## Exercise instructions
Output the records below verbatim, minus the pictures.

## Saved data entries
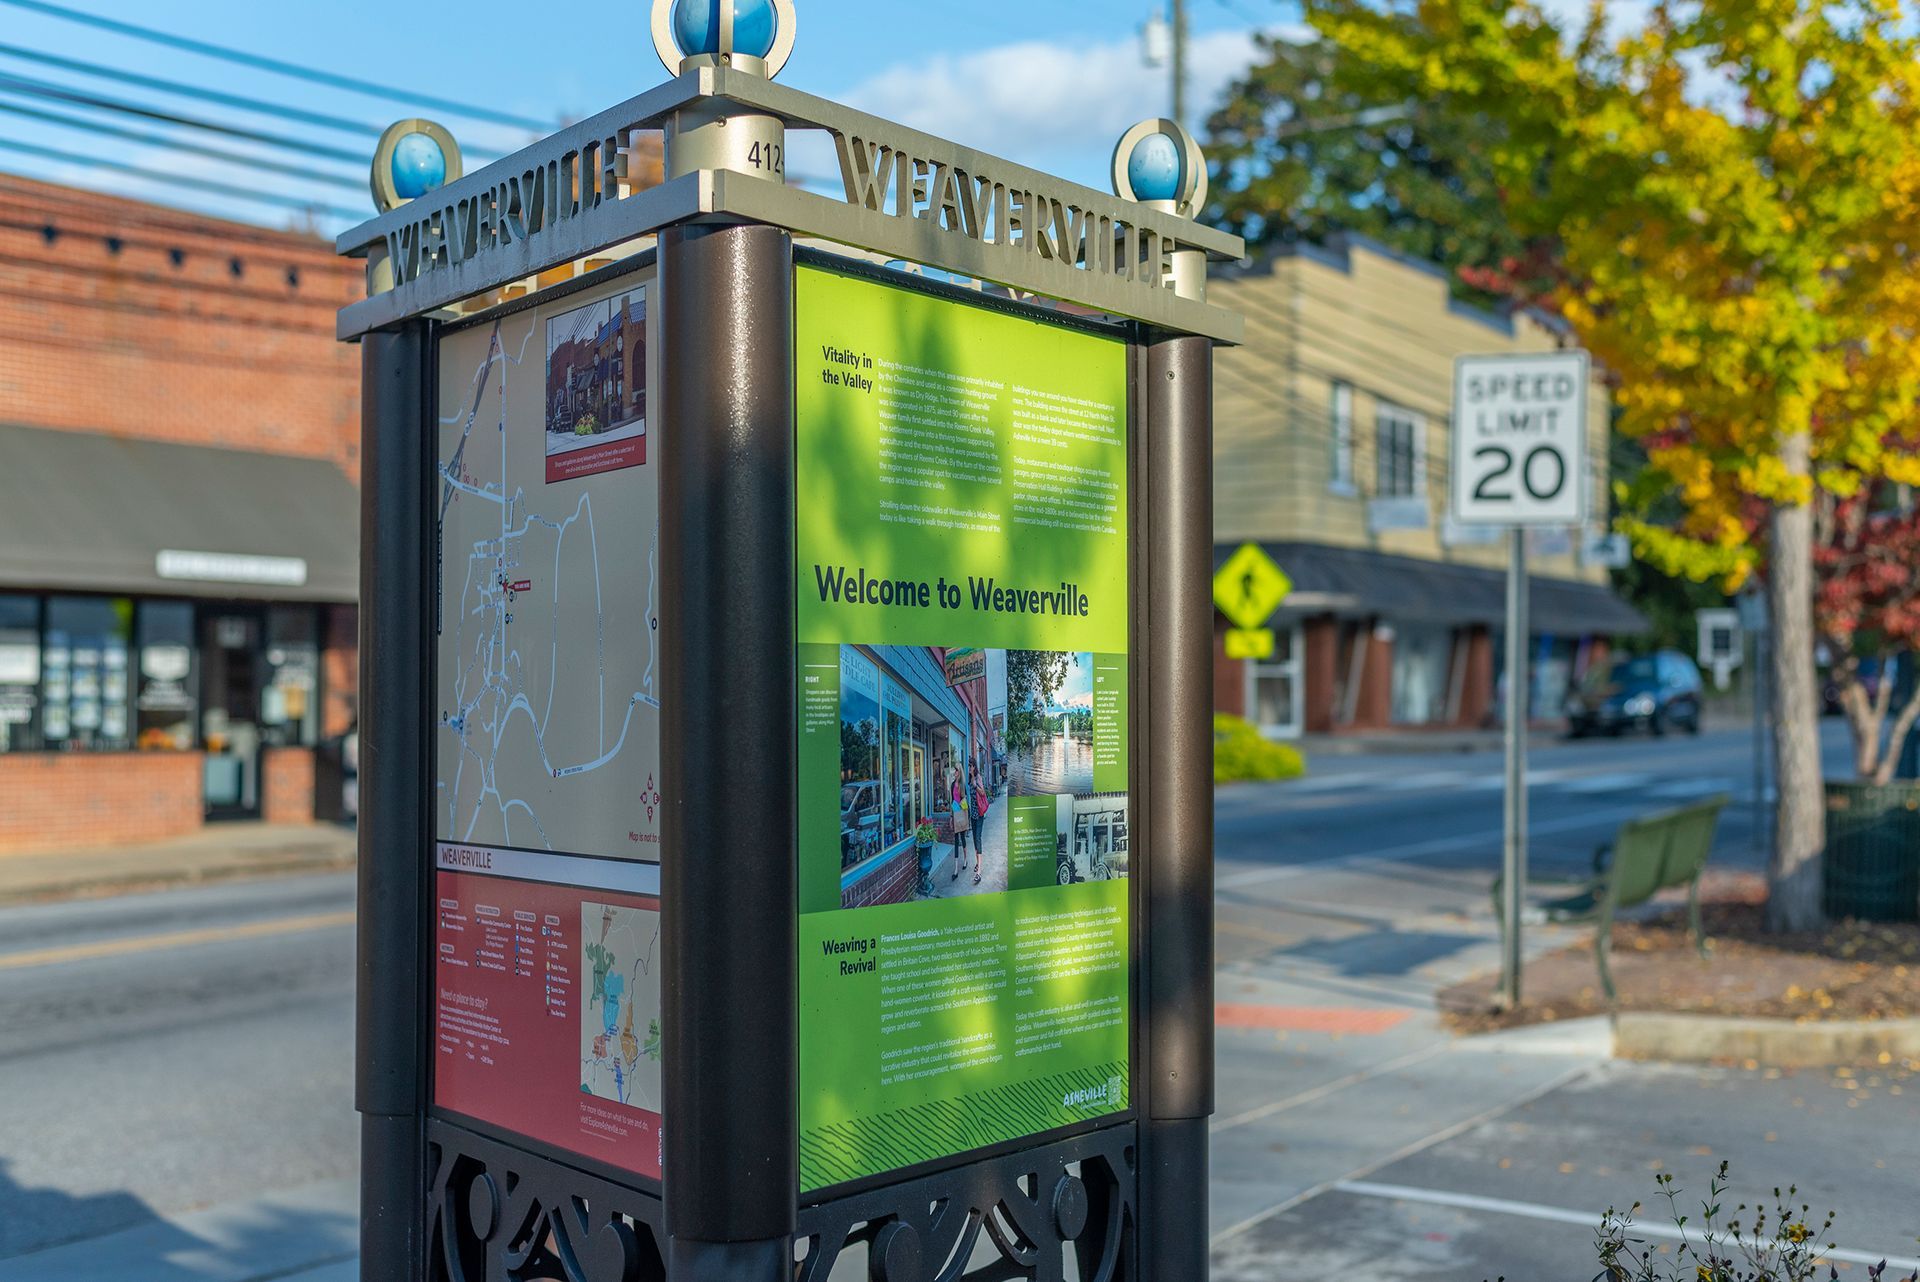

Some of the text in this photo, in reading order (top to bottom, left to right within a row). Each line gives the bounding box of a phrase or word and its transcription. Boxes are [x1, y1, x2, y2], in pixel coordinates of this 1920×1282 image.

[748, 141, 784, 174] 412
[386, 130, 631, 286] WEAVERVILLE
[833, 130, 1176, 296] WEAVERVILLE
[822, 345, 872, 370] Vitality in
[822, 368, 872, 394] the Valley
[878, 357, 894, 370] During
[903, 363, 924, 374] centuries
[924, 367, 936, 376] when
[937, 369, 945, 378] this
[965, 375, 984, 387] primarily
[984, 378, 1003, 389] inhabited
[1468, 374, 1575, 402] SPEED
[1476, 408, 1560, 435] LIMIT
[1473, 444, 1566, 501] 20
[814, 564, 1089, 616] Welcome to Weaverville
[628, 832, 638, 843] Map
[640, 833, 644, 842] is
[442, 848, 492, 869] WEAVERVILLE
[880, 934, 900, 942] Frances
[900, 930, 916, 940] Louisa
[916, 927, 939, 938] Goodrich,
[943, 923, 974, 934] Yale-educated
[974, 922, 985, 931] artist
[985, 921, 994, 929] and
[822, 936, 876, 956] Weaving a
[880, 944, 910, 956] Presbyterian
[935, 938, 950, 948] moved
[840, 956, 876, 976] Revival
[440, 988, 452, 1001] Need
[457, 993, 469, 1005] place
[475, 996, 488, 1011] stay?
[1064, 1084, 1107, 1107] ASHEVILLE

## Task result
Some of the text in this photo, in reading order (top to bottom, left to right within a row). Each line gives the bounding box of a phrase or word and its transcription. Boxes are [x1, y1, x2, y2], in pixel coordinates of this 1920×1282 image.

[748, 141, 784, 174] 412
[386, 130, 631, 286] WEAVERVILLE
[833, 130, 1176, 296] WEAVERVILLE
[822, 345, 872, 370] Vitality in
[822, 368, 872, 394] the Valley
[878, 357, 894, 370] During
[903, 363, 924, 374] centuries
[924, 367, 936, 376] when
[937, 369, 945, 378] this
[965, 375, 984, 387] primarily
[984, 378, 1003, 389] inhabited
[1468, 374, 1575, 402] SPEED
[1476, 408, 1560, 435] LIMIT
[1473, 444, 1566, 501] 20
[814, 564, 1089, 616] Welcome to Weaverville
[628, 832, 638, 843] Map
[640, 833, 644, 842] is
[442, 848, 492, 869] WEAVERVILLE
[880, 934, 900, 942] Frances
[900, 930, 916, 940] Louisa
[916, 927, 939, 938] Goodrich,
[943, 923, 974, 934] Yale-educated
[974, 922, 985, 931] artist
[985, 921, 994, 929] and
[822, 936, 876, 956] Weaving a
[880, 944, 910, 956] Presbyterian
[935, 938, 950, 948] moved
[840, 956, 876, 976] Revival
[440, 988, 452, 1001] Need
[457, 993, 469, 1005] place
[475, 996, 488, 1011] stay?
[1064, 1084, 1107, 1107] ASHEVILLE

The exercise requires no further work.